▶ REQUIREMENT: All entries shown below must be given again word for word.

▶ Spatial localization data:
--------------------

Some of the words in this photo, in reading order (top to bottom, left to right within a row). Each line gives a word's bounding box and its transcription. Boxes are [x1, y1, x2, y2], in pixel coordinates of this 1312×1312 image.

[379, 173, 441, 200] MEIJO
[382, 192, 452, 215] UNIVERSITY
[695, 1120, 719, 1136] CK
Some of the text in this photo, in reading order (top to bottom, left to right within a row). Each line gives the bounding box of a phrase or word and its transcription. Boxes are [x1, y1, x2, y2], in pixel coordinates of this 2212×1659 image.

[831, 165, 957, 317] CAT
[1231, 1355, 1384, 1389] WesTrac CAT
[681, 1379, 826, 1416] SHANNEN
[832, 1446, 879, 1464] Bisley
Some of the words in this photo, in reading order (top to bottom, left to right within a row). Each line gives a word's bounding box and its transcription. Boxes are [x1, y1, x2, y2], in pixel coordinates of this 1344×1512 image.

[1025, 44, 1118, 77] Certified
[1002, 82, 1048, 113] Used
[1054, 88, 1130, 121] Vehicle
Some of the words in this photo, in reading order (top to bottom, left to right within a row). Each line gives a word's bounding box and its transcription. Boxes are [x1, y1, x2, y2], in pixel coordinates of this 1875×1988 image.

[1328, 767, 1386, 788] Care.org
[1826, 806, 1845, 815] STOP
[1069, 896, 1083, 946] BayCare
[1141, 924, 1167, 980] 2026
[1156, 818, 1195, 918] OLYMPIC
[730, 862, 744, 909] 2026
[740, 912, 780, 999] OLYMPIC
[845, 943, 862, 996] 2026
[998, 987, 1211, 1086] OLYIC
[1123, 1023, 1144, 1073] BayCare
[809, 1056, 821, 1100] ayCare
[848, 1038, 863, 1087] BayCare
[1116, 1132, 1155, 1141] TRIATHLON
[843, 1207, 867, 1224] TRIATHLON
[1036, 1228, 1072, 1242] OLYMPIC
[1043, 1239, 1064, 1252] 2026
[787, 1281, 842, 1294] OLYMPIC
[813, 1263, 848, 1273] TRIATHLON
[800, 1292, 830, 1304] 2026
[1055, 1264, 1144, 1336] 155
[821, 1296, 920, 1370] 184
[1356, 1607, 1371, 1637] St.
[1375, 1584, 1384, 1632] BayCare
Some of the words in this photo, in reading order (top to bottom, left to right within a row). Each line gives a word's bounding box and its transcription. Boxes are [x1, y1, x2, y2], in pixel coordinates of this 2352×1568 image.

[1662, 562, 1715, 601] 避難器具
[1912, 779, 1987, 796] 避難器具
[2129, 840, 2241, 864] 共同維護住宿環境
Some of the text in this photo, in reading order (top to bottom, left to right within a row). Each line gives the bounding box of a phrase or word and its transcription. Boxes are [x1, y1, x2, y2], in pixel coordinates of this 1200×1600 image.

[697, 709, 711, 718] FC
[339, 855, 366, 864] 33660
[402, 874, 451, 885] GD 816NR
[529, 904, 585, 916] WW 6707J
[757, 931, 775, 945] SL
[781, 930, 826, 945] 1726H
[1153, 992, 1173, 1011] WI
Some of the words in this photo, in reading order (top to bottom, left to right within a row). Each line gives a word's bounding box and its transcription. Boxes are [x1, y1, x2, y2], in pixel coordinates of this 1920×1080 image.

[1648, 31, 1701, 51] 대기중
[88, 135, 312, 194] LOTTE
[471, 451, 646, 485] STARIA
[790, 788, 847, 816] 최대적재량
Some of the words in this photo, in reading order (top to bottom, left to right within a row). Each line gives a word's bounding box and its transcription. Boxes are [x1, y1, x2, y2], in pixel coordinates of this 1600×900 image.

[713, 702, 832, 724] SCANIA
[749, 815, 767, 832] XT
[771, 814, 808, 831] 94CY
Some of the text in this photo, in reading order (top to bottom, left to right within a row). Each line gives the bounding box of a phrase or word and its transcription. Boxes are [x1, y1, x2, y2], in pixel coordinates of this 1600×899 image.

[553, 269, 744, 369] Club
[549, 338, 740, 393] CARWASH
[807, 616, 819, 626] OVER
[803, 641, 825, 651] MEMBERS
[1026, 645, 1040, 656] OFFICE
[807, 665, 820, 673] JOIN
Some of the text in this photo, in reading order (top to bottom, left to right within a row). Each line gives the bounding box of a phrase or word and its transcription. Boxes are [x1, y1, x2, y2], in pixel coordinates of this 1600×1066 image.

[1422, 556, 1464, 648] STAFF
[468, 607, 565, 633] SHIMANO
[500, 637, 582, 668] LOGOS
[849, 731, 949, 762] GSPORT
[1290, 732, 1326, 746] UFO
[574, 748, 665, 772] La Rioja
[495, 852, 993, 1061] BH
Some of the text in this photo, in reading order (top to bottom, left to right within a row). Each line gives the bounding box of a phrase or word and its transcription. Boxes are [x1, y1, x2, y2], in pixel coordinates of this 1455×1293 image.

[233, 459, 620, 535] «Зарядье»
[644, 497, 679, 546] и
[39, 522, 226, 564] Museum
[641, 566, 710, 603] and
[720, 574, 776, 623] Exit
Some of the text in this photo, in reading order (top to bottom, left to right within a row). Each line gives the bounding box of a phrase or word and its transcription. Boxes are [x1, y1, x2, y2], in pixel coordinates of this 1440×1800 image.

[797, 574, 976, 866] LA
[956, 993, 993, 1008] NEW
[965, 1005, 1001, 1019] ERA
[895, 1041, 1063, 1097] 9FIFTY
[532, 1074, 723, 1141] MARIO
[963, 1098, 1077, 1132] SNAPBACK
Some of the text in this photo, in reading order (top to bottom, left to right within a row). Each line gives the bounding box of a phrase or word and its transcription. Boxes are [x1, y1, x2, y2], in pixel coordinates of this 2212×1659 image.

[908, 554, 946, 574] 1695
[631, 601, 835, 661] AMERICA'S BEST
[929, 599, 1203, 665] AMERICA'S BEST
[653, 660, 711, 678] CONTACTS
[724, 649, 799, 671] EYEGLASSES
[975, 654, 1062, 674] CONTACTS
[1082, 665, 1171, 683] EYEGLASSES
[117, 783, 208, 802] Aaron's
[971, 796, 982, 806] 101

--------------------

▶ ANSWER BOX:
Some of the words in this photo, in reading order (top to bottom, left to right within a row). Each line gives a word's bounding box and its transcription. Boxes are [x1, y1, x2, y2], in pixel coordinates of this 1312×1312 image.

[379, 173, 441, 200] MEIJO
[382, 192, 452, 215] UNIVERSITY
[695, 1120, 719, 1136] CK
Some of the text in this photo, in reading order (top to bottom, left to right within a row). Each line gives the bounding box of a phrase or word and its transcription. Boxes are [x1, y1, x2, y2], in pixel coordinates of this 2212×1659 image.

[831, 165, 957, 317] CAT
[1231, 1355, 1384, 1389] WesTrac CAT
[681, 1379, 826, 1416] SHANNEN
[832, 1446, 879, 1464] Bisley
Some of the words in this photo, in reading order (top to bottom, left to right within a row). Each line gives a word's bounding box and its transcription. Boxes are [x1, y1, x2, y2], in pixel coordinates of this 1344×1512 image.

[1025, 44, 1118, 77] Certified
[1002, 82, 1048, 113] Used
[1054, 88, 1130, 121] Vehicle
Some of the words in this photo, in reading order (top to bottom, left to right within a row). Each line gives a word's bounding box and its transcription. Boxes are [x1, y1, x2, y2], in pixel coordinates of this 1875×1988 image.

[1328, 767, 1386, 788] Care.org
[1826, 806, 1845, 815] STOP
[1069, 896, 1083, 946] BayCare
[1141, 924, 1167, 980] 2026
[1156, 818, 1195, 918] OLYMPIC
[730, 862, 744, 909] 2026
[740, 912, 780, 999] OLYMPIC
[845, 943, 862, 996] 2026
[998, 987, 1211, 1086] OLYIC
[1123, 1023, 1144, 1073] BayCare
[809, 1056, 821, 1100] ayCare
[848, 1038, 863, 1087] BayCare
[1116, 1132, 1155, 1141] TRIATHLON
[843, 1207, 867, 1224] TRIATHLON
[1036, 1228, 1072, 1242] OLYMPIC
[1043, 1239, 1064, 1252] 2026
[787, 1281, 842, 1294] OLYMPIC
[813, 1263, 848, 1273] TRIATHLON
[800, 1292, 830, 1304] 2026
[1055, 1264, 1144, 1336] 155
[821, 1296, 920, 1370] 184
[1356, 1607, 1371, 1637] St.
[1375, 1584, 1384, 1632] BayCare
Some of the words in this photo, in reading order (top to bottom, left to right within a row). Each line gives a word's bounding box and its transcription. Boxes are [x1, y1, x2, y2], in pixel coordinates of this 2352×1568 image.

[1662, 562, 1715, 601] 避難器具
[1912, 779, 1987, 796] 避難器具
[2129, 840, 2241, 864] 共同維護住宿環境
Some of the text in this photo, in reading order (top to bottom, left to right within a row). Each line gives the bounding box of a phrase or word and its transcription. Boxes are [x1, y1, x2, y2], in pixel coordinates of this 1200×1600 image.

[697, 709, 711, 718] FC
[339, 855, 366, 864] 33660
[402, 874, 451, 885] GD 816NR
[529, 904, 585, 916] WW 6707J
[757, 931, 775, 945] SL
[781, 930, 826, 945] 1726H
[1153, 992, 1173, 1011] WI
Some of the words in this photo, in reading order (top to bottom, left to right within a row). Each line gives a word's bounding box and its transcription. Boxes are [x1, y1, x2, y2], in pixel coordinates of this 1920×1080 image.

[1648, 31, 1701, 51] 대기중
[88, 135, 312, 194] LOTTE
[471, 451, 646, 485] STARIA
[790, 788, 847, 816] 최대적재량
Some of the words in this photo, in reading order (top to bottom, left to right within a row). Each line gives a word's bounding box and its transcription. Boxes are [x1, y1, x2, y2], in pixel coordinates of this 1600×900 image.

[713, 702, 832, 724] SCANIA
[749, 815, 767, 832] XT
[771, 814, 808, 831] 94CY
Some of the text in this photo, in reading order (top to bottom, left to right within a row). Each line gives the bounding box of a phrase or word and its transcription. Boxes are [x1, y1, x2, y2], in pixel coordinates of this 1600×899 image.

[553, 269, 744, 369] Club
[549, 338, 740, 393] CARWASH
[807, 616, 819, 626] OVER
[803, 641, 825, 651] MEMBERS
[1026, 645, 1040, 656] OFFICE
[807, 665, 820, 673] JOIN
Some of the text in this photo, in reading order (top to bottom, left to right within a row). Each line gives the bounding box of a phrase or word and its transcription. Boxes are [x1, y1, x2, y2], in pixel coordinates of this 1600×1066 image.

[1422, 556, 1464, 648] STAFF
[468, 607, 565, 633] SHIMANO
[500, 637, 582, 668] LOGOS
[849, 731, 949, 762] GSPORT
[1290, 732, 1326, 746] UFO
[574, 748, 665, 772] La Rioja
[495, 852, 993, 1061] BH
Some of the text in this photo, in reading order (top to bottom, left to right within a row). Each line gives the bounding box of a phrase or word and its transcription. Boxes are [x1, y1, x2, y2], in pixel coordinates of this 1455×1293 image.

[233, 459, 620, 535] «Зарядье»
[644, 497, 679, 546] и
[39, 522, 226, 564] Museum
[641, 566, 710, 603] and
[720, 574, 776, 623] Exit
Some of the text in this photo, in reading order (top to bottom, left to right within a row). Each line gives the bounding box of a phrase or word and its transcription. Boxes are [x1, y1, x2, y2], in pixel coordinates of this 1440×1800 image.

[797, 574, 976, 866] LA
[956, 993, 993, 1008] NEW
[965, 1005, 1001, 1019] ERA
[895, 1041, 1063, 1097] 9FIFTY
[532, 1074, 723, 1141] MARIO
[963, 1098, 1077, 1132] SNAPBACK
Some of the text in this photo, in reading order (top to bottom, left to right within a row). Each line gives the bounding box of a phrase or word and its transcription. Boxes are [x1, y1, x2, y2], in pixel coordinates of this 2212×1659 image.

[908, 554, 946, 574] 1695
[631, 601, 835, 661] AMERICA'S BEST
[929, 599, 1203, 665] AMERICA'S BEST
[653, 660, 711, 678] CONTACTS
[724, 649, 799, 671] EYEGLASSES
[975, 654, 1062, 674] CONTACTS
[1082, 665, 1171, 683] EYEGLASSES
[117, 783, 208, 802] Aaron's
[971, 796, 982, 806] 101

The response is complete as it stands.